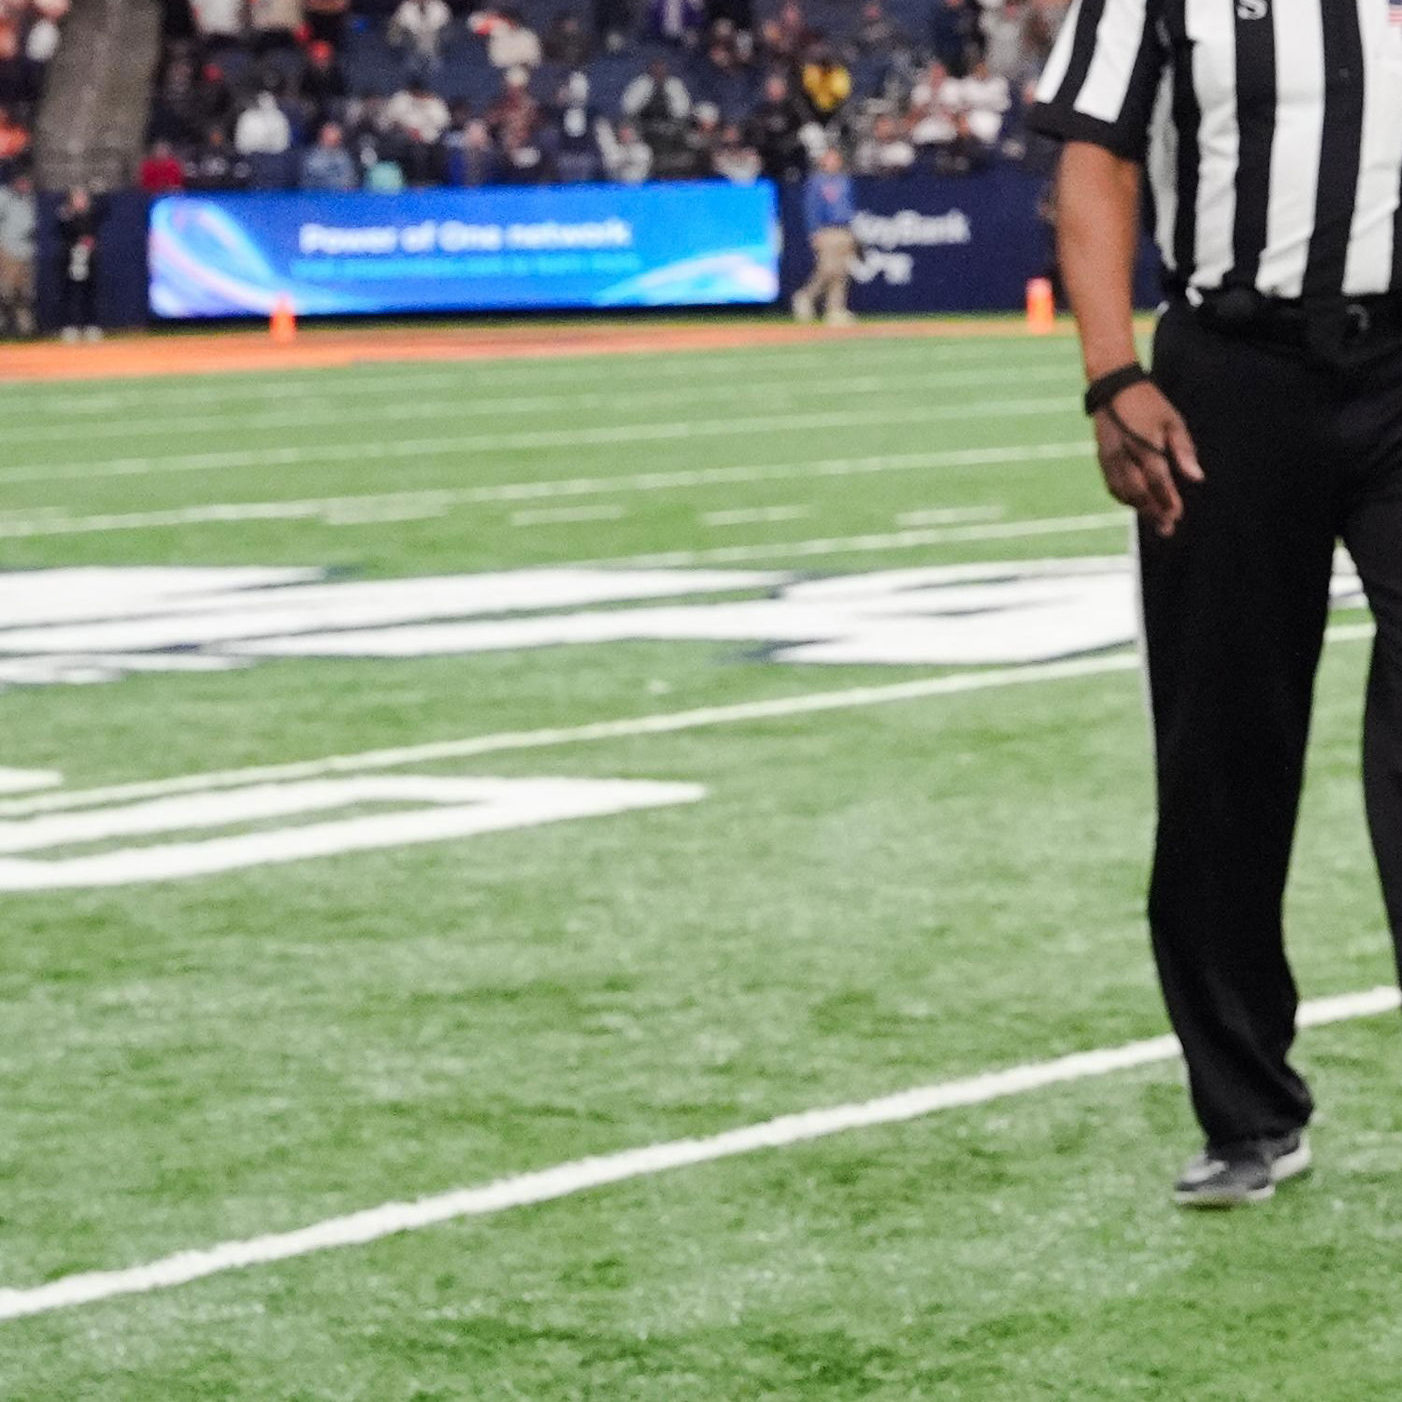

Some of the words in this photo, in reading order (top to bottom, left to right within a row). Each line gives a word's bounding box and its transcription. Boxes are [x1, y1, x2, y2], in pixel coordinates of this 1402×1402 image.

[299, 222, 397, 254] Power
[401, 219, 437, 253] of
[438, 219, 502, 253] One
[504, 216, 633, 249] network

▶ [What to work on]
Pictures are not part of the copy; transcribe the rest of the data verbatim.

▶ [Answer below]
Some of the words in this photo, in reading order (top to bottom, left to right within a row). Each line gives a word's bounding box and its transcription. Boxes are [x1, y1, x2, y2], in pixel coordinates of this 1402×1402 image.

[299, 222, 397, 254] Power
[401, 219, 437, 253] of
[438, 219, 502, 253] One
[504, 216, 633, 249] network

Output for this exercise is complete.